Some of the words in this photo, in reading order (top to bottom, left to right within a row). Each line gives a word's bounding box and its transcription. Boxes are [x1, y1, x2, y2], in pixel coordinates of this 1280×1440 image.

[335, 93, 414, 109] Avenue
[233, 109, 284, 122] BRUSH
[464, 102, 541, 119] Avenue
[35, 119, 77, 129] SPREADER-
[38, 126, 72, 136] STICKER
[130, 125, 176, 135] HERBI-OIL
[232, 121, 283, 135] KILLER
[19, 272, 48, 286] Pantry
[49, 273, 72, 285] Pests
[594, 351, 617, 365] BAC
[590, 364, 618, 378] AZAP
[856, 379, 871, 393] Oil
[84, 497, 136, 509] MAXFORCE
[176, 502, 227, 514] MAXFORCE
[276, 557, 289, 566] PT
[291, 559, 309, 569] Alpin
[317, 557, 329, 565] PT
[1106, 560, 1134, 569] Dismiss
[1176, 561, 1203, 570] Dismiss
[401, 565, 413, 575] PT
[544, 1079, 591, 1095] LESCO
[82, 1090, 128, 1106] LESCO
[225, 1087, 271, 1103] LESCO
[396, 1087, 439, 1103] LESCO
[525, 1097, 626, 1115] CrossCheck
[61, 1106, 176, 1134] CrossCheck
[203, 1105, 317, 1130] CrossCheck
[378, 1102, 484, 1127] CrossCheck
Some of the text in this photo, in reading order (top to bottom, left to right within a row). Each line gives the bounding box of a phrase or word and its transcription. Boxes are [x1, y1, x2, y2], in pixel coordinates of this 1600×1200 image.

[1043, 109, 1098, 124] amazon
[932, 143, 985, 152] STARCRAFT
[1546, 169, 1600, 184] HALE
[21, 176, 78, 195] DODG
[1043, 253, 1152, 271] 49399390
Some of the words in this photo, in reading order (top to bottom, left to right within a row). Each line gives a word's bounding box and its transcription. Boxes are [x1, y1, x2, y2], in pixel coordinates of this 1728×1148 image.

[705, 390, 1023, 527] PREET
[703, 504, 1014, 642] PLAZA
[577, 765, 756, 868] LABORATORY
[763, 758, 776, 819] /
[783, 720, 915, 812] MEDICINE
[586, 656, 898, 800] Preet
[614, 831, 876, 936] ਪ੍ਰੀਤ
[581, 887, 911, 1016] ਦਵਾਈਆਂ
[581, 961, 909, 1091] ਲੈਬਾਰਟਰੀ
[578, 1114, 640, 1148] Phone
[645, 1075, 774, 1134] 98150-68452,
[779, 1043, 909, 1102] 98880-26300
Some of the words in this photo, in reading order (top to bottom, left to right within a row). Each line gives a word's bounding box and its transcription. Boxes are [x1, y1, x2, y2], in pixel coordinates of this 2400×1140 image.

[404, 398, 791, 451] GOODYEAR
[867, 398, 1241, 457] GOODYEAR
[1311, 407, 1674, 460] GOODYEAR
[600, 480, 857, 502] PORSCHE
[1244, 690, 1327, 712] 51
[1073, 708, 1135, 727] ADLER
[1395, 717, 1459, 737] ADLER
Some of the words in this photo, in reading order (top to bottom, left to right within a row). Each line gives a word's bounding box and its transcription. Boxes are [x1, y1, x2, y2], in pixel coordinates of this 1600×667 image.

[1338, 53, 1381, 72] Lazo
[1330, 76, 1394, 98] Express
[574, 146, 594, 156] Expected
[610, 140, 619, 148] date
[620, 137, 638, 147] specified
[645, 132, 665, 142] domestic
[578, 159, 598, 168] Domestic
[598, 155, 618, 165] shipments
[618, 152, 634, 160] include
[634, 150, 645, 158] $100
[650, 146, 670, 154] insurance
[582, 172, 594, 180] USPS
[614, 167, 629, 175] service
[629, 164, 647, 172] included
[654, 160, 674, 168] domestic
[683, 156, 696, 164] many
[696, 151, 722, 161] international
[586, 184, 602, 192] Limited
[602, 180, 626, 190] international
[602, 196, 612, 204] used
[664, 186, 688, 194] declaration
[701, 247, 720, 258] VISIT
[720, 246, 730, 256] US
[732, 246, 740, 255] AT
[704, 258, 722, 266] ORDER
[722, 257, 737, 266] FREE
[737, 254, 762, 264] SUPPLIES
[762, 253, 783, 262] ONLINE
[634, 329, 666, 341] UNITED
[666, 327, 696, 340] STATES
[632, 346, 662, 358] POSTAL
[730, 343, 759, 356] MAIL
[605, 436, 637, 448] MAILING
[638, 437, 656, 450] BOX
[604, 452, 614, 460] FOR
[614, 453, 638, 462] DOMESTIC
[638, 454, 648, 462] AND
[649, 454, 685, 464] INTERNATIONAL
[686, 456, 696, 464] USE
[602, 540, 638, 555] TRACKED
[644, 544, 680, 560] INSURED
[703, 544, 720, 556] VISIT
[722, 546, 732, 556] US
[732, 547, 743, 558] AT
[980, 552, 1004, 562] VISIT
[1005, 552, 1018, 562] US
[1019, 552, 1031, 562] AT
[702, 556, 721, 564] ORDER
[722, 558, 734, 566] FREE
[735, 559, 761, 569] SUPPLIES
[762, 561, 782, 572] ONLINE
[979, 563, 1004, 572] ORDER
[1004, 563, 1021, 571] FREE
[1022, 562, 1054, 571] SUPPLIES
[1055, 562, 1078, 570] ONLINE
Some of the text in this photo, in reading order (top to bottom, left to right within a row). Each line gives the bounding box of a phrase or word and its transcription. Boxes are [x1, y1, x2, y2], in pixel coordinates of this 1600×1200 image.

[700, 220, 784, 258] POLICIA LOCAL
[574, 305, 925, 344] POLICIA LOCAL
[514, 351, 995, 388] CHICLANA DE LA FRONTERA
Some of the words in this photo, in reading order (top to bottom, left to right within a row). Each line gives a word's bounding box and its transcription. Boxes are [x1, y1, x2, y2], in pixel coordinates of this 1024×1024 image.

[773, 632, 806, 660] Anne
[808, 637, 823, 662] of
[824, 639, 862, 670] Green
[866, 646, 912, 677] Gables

# # # #

### ASSIGNMENT
Word for word, restate the line that contains "this 1024×1024 image." and each line after it, up to and including the last line of the listing; include nothing else.

### REPLY
Some of the words in this photo, in reading order (top to bottom, left to right within a row). Each line gives a word's bounding box and its transcription. Boxes are [x1, y1, x2, y2], in pixel coordinates of this 1024×1024 image.

[773, 632, 806, 660] Anne
[808, 637, 823, 662] of
[824, 639, 862, 670] Green
[866, 646, 912, 677] Gables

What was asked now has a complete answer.